Jules Benchetrit et Lambert Wilson (de dos) dans le film "Au bout des doigts" de Ludovic Bernard. [Pathé Films]
Jules Benchetrit et Lambert Wilson (de dos) dans le film "Au bout des doigts" de Ludovic Bernard. [Pathé Films]

Pour jouer Mathieu, le réalisateur avait d'abord ouvert un casting à des comédiens pianistes. Mais ceux-ci avaient déjà 23-25 ans. Or il voulait que le personnage n'aie pas plus de 18 ans. "Jules est arrivé à l'audition et j'ai été époustouflé par sa beauté et l'intensité de son regard. Il ne joue pas de piano, aussi je lui ai demandé d'écouter jour et nuit la musique du film pour qu'il puisse la ressentir au plus profond de lui.

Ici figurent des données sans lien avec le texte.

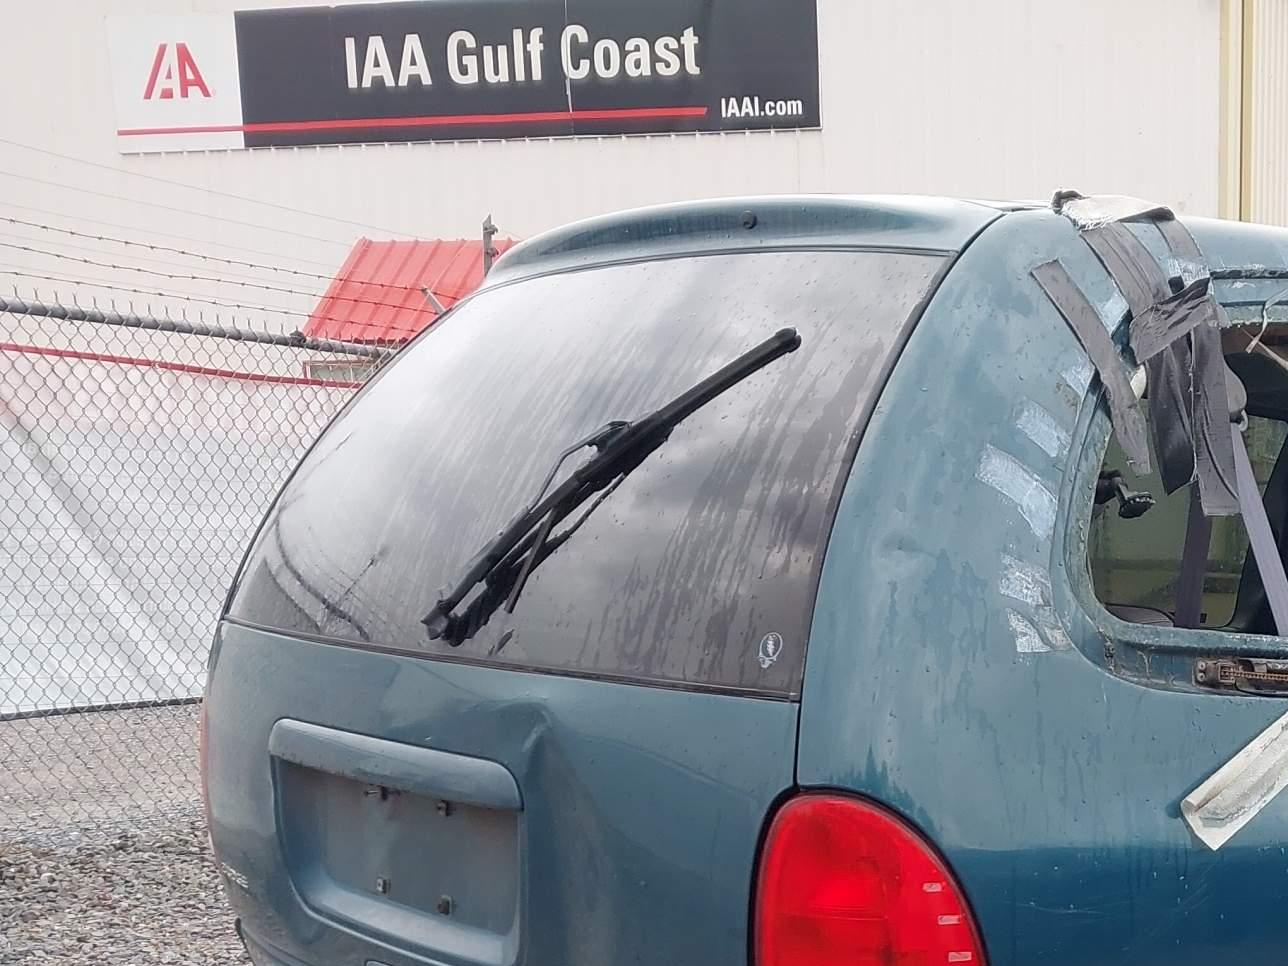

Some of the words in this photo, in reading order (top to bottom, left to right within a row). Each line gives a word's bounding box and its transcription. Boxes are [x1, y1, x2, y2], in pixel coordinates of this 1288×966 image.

Ensuite il a travaillé quatre à cinq heures par jour sa gestuelle, la pose des mains, la respiration, afin d'être capable de restituer toute la puissance et l'émotion d'un grand pianiste. Un travail qui ressemble à l'astreinte impitoyable des musiciens. Pour se préparer à jouer un concerto comme le No 2 de Rachmaninov que Mathieu travaille dans le film, un soliste répète six mois à ce rythme."

Ce qu'il y a de plus précieux dans la vie c'est la musique. C'est ce qui nous relie tous.

La Comtesse, jouée par Kristin Scott Thomas

"Au bout des doigts" repose certes sur un casting irréprochable et une trame qui a fait ses preuves (celle du mentor qui va permettre à un jeune talent en devenir de se réaliser, en passant par un certain nombre d'épreuves initiatiques), mais il s'agit avant tout d'une inconditionnelle déclaration d'amour à la musique classique.

Très présente, c'est bien elle, et toute l'émotion qu'elle transmet, que le film vise à délivrer de tous les carcans et préjugés dont on l'accable. Et le film nous fait comprendre que ce n'est pas seulement le jeune Mathieu des banlieues qui est sauvé par la musique, mais bien tous les personnages, d'où qu'ils viennent.